◆ Problem:
Restate every record exactly as it is written, while omitting the pictures it holds.
Records for this exercise section start
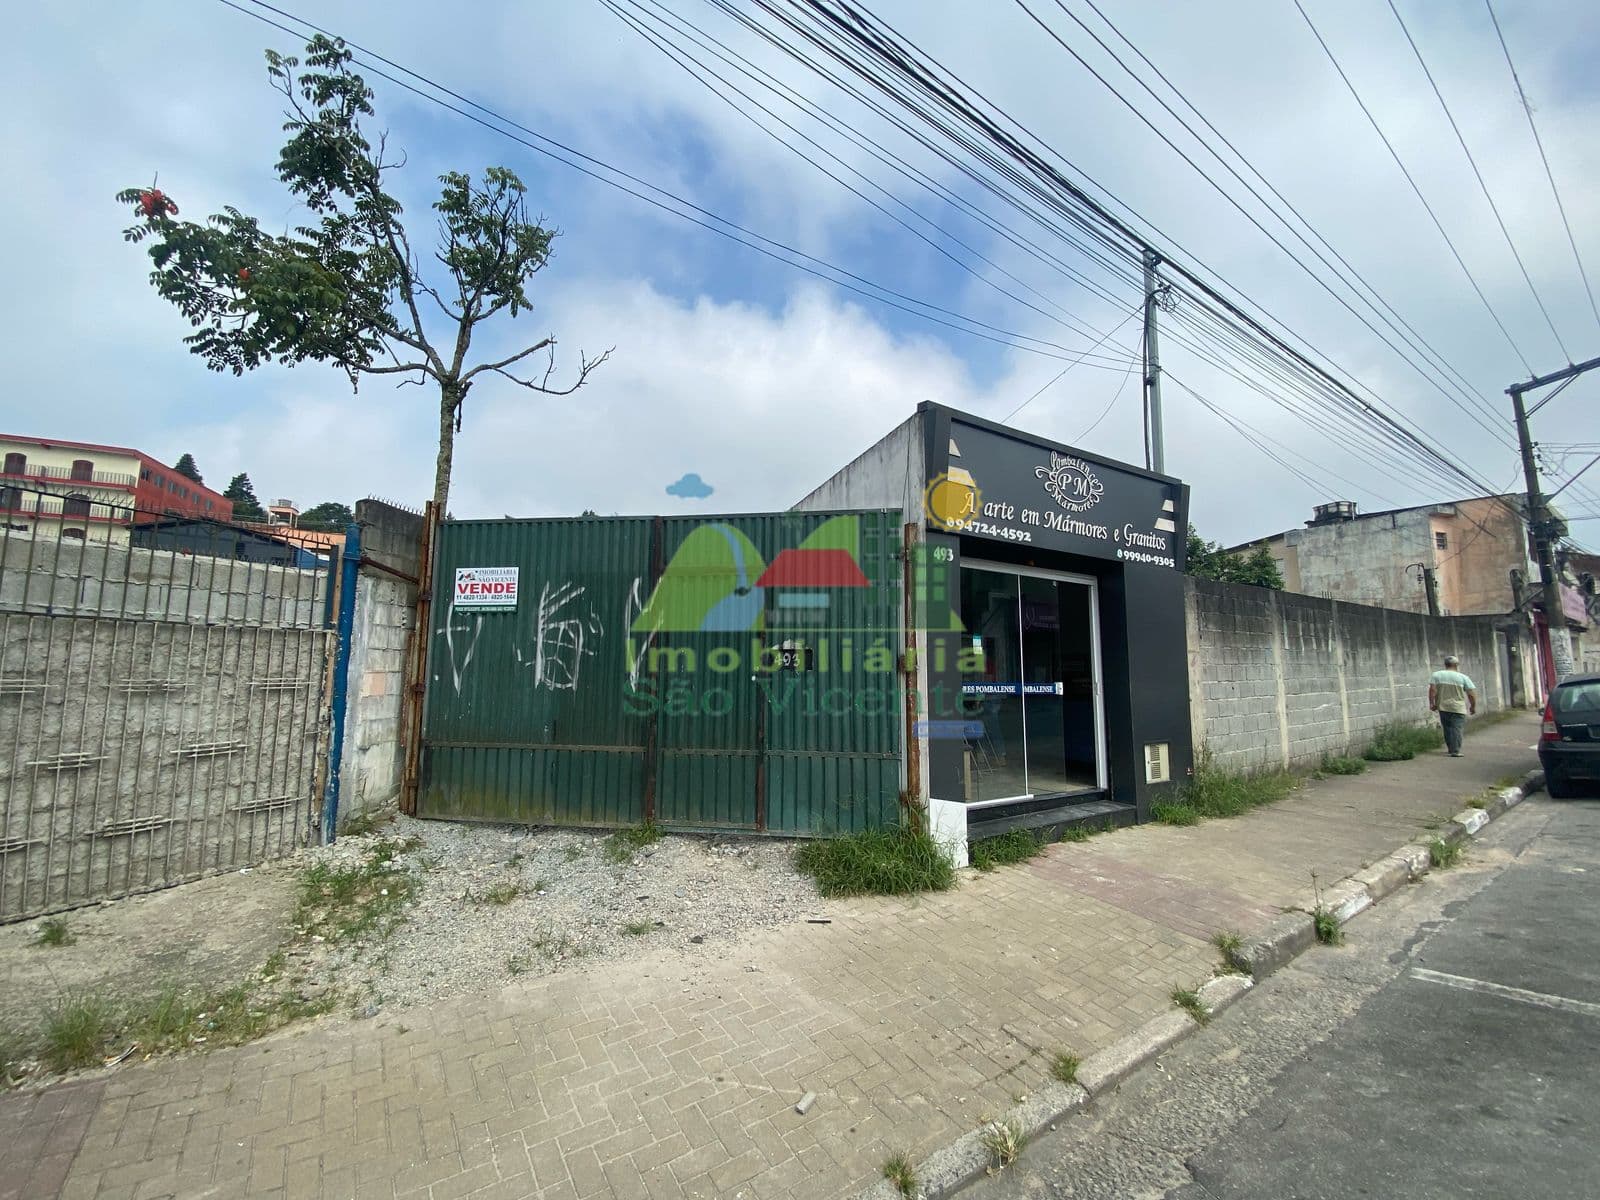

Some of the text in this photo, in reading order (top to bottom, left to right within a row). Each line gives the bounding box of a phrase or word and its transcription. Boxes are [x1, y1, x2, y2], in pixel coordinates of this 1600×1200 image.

[960, 492, 1166, 551] A arte em Mármores e Granitos
[933, 545, 954, 562] 493
[457, 582, 517, 594] VENDE
[774, 652, 800, 667] 493
[975, 685, 1016, 693] POMBALENSE
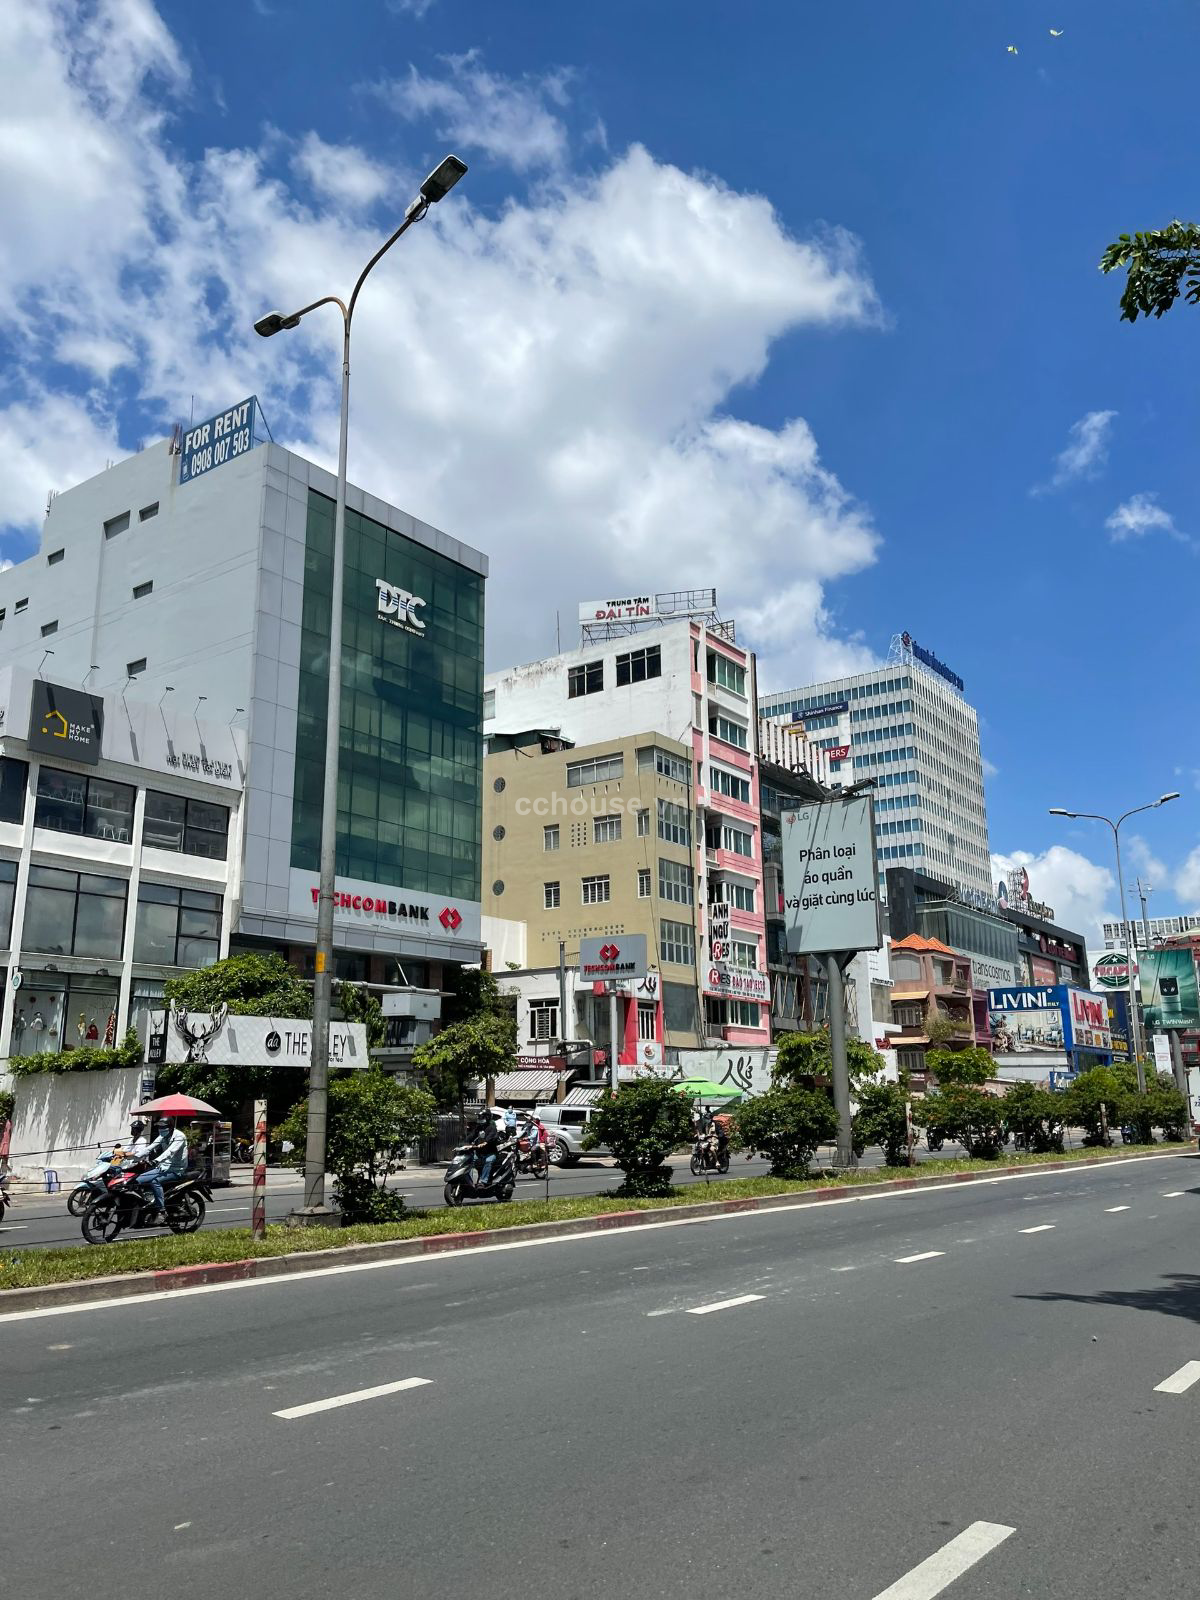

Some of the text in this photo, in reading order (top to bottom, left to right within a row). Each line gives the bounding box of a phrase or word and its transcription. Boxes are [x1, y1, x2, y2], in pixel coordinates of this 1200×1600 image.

[185, 402, 250, 454] FOR RENT
[191, 428, 249, 476] 0908 007 503
[376, 579, 427, 628] DTC
[595, 604, 650, 620] ĐẠI TÍN
[69, 723, 91, 733] MAKE
[68, 734, 90, 744] HOME
[797, 812, 809, 821] LG
[799, 843, 856, 862] Phân loại
[804, 865, 853, 885] áo quần
[311, 888, 430, 921] TCHCOMBANK
[785, 888, 875, 910] và giặt cùng lúc
[713, 904, 729, 919] ANH
[713, 941, 730, 960] RES
[709, 968, 731, 986] RES
[989, 991, 1048, 1009] LIVINI
[152, 1037, 161, 1047] THE
[284, 1031, 308, 1056] THE
Records for this exercise section end
◆ Problem solution:
Some of the text in this photo, in reading order (top to bottom, left to right within a row). Each line gives the bounding box of a phrase or word and its transcription. Boxes are [x1, y1, x2, y2], in pixel coordinates of this 1600×1200 image.

[960, 492, 1166, 551] A arte em Mármores e Granitos
[933, 545, 954, 562] 493
[457, 582, 517, 594] VENDE
[774, 652, 800, 667] 493
[975, 685, 1016, 693] POMBALENSE

Some of the text in this photo, in reading order (top to bottom, left to right within a row). Each line gives the bounding box of a phrase or word and its transcription. Boxes are [x1, y1, x2, y2], in pixel coordinates of this 1200×1600 image.

[185, 402, 250, 454] FOR RENT
[191, 428, 249, 476] 0908 007 503
[376, 579, 427, 628] DTC
[595, 604, 650, 620] ĐẠI TÍN
[69, 723, 91, 733] MAKE
[68, 734, 90, 744] HOME
[797, 812, 809, 821] LG
[799, 843, 856, 862] Phân loại
[804, 865, 853, 885] áo quần
[311, 888, 430, 921] TCHCOMBANK
[785, 888, 875, 910] và giặt cùng lúc
[713, 904, 729, 919] ANH
[713, 941, 730, 960] RES
[709, 968, 731, 986] RES
[989, 991, 1048, 1009] LIVINI
[152, 1037, 161, 1047] THE
[284, 1031, 308, 1056] THE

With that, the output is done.